**Exercise goal**
Word for word, give the entries back.

========================================

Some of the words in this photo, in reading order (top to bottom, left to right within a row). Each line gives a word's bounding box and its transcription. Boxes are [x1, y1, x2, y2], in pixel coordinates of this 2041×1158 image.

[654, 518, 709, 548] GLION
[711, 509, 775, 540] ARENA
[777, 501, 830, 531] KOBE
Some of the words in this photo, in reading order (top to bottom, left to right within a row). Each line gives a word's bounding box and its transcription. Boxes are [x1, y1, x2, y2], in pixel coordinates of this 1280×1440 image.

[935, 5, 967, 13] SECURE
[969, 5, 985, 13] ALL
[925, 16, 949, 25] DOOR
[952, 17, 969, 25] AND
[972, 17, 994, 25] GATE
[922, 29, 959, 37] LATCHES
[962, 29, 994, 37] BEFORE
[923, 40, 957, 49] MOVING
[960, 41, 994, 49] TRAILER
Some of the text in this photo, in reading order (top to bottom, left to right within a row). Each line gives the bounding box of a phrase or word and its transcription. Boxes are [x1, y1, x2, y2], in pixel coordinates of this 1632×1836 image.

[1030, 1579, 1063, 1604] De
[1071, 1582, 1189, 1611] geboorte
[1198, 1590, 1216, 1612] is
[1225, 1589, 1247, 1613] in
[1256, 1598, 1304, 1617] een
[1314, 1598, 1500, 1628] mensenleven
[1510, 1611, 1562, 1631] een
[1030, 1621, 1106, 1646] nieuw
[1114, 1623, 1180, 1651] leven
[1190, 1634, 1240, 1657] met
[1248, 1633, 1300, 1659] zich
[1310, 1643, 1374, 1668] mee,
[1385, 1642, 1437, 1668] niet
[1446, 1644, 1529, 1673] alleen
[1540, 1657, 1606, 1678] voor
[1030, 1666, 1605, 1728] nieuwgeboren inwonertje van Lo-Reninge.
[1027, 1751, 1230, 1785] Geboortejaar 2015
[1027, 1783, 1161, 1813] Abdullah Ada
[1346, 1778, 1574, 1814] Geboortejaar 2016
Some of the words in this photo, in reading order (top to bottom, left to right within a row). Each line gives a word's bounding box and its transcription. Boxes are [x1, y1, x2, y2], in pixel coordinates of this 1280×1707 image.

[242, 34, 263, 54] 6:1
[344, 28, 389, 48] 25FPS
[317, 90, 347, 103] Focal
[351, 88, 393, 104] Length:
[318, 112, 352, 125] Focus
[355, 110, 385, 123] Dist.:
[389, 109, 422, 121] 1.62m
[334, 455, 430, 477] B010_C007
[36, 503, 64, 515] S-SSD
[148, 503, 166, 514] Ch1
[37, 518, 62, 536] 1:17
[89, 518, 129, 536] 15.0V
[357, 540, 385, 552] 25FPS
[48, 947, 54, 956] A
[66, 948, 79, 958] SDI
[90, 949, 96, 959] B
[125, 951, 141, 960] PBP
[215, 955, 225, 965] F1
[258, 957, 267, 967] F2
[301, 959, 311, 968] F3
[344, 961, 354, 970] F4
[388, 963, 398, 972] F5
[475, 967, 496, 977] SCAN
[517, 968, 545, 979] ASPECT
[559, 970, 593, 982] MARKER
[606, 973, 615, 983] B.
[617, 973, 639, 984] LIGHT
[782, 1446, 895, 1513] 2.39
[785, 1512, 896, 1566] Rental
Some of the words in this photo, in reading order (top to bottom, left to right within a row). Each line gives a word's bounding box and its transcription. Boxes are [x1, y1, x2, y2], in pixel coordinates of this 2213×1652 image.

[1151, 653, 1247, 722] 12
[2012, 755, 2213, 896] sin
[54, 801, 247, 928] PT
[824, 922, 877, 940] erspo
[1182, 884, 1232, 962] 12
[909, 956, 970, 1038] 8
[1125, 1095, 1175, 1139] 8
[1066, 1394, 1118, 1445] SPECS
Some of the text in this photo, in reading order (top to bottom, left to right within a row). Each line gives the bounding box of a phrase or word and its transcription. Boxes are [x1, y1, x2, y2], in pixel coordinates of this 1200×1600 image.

========================================

**Answer area**
Some of the words in this photo, in reading order (top to bottom, left to right within a row). Each line gives a word's bounding box and its transcription. Boxes are [x1, y1, x2, y2], in pixel coordinates of this 2041×1158 image.

[654, 518, 709, 548] GLION
[711, 509, 775, 540] ARENA
[777, 501, 830, 531] KOBE
Some of the words in this photo, in reading order (top to bottom, left to right within a row). Each line gives a word's bounding box and its transcription. Boxes are [x1, y1, x2, y2], in pixel coordinates of this 1280×1440 image.

[935, 5, 967, 13] SECURE
[969, 5, 985, 13] ALL
[925, 16, 949, 25] DOOR
[952, 17, 969, 25] AND
[972, 17, 994, 25] GATE
[922, 29, 959, 37] LATCHES
[962, 29, 994, 37] BEFORE
[923, 40, 957, 49] MOVING
[960, 41, 994, 49] TRAILER
Some of the text in this photo, in reading order (top to bottom, left to right within a row). Each line gives the bounding box of a phrase or word and its transcription. Boxes are [x1, y1, x2, y2], in pixel coordinates of this 1632×1836 image.

[1030, 1579, 1063, 1604] De
[1071, 1582, 1189, 1611] geboorte
[1198, 1590, 1216, 1612] is
[1225, 1589, 1247, 1613] in
[1256, 1598, 1304, 1617] een
[1314, 1598, 1500, 1628] mensenleven
[1510, 1611, 1562, 1631] een
[1030, 1621, 1106, 1646] nieuw
[1114, 1623, 1180, 1651] leven
[1190, 1634, 1240, 1657] met
[1248, 1633, 1300, 1659] zich
[1310, 1643, 1374, 1668] mee,
[1385, 1642, 1437, 1668] niet
[1446, 1644, 1529, 1673] alleen
[1540, 1657, 1606, 1678] voor
[1030, 1666, 1605, 1728] nieuwgeboren inwonertje van Lo-Reninge.
[1027, 1751, 1230, 1785] Geboortejaar 2015
[1027, 1783, 1161, 1813] Abdullah Ada
[1346, 1778, 1574, 1814] Geboortejaar 2016
Some of the words in this photo, in reading order (top to bottom, left to right within a row). Each line gives a word's bounding box and its transcription. Boxes are [x1, y1, x2, y2], in pixel coordinates of this 1280×1707 image.

[242, 34, 263, 54] 6:1
[344, 28, 389, 48] 25FPS
[317, 90, 347, 103] Focal
[351, 88, 393, 104] Length:
[318, 112, 352, 125] Focus
[355, 110, 385, 123] Dist.:
[389, 109, 422, 121] 1.62m
[334, 455, 430, 477] B010_C007
[36, 503, 64, 515] S-SSD
[148, 503, 166, 514] Ch1
[37, 518, 62, 536] 1:17
[89, 518, 129, 536] 15.0V
[357, 540, 385, 552] 25FPS
[48, 947, 54, 956] A
[66, 948, 79, 958] SDI
[90, 949, 96, 959] B
[125, 951, 141, 960] PBP
[215, 955, 225, 965] F1
[258, 957, 267, 967] F2
[301, 959, 311, 968] F3
[344, 961, 354, 970] F4
[388, 963, 398, 972] F5
[475, 967, 496, 977] SCAN
[517, 968, 545, 979] ASPECT
[559, 970, 593, 982] MARKER
[606, 973, 615, 983] B.
[617, 973, 639, 984] LIGHT
[782, 1446, 895, 1513] 2.39
[785, 1512, 896, 1566] Rental
Some of the words in this photo, in reading order (top to bottom, left to right within a row). Each line gives a word's bounding box and its transcription. Boxes are [x1, y1, x2, y2], in pixel coordinates of this 2213×1652 image.

[1151, 653, 1247, 722] 12
[2012, 755, 2213, 896] sin
[54, 801, 247, 928] PT
[824, 922, 877, 940] erspo
[1182, 884, 1232, 962] 12
[909, 956, 970, 1038] 8
[1125, 1095, 1175, 1139] 8
[1066, 1394, 1118, 1445] SPECS
Some of the text in this photo, in reading order (top to bottom, left to right within a row). Each line gives the bounding box of a phrase or word and its transcription. Boxes are [x1, y1, x2, y2], in pixel coordinates of this 1200×1600 image.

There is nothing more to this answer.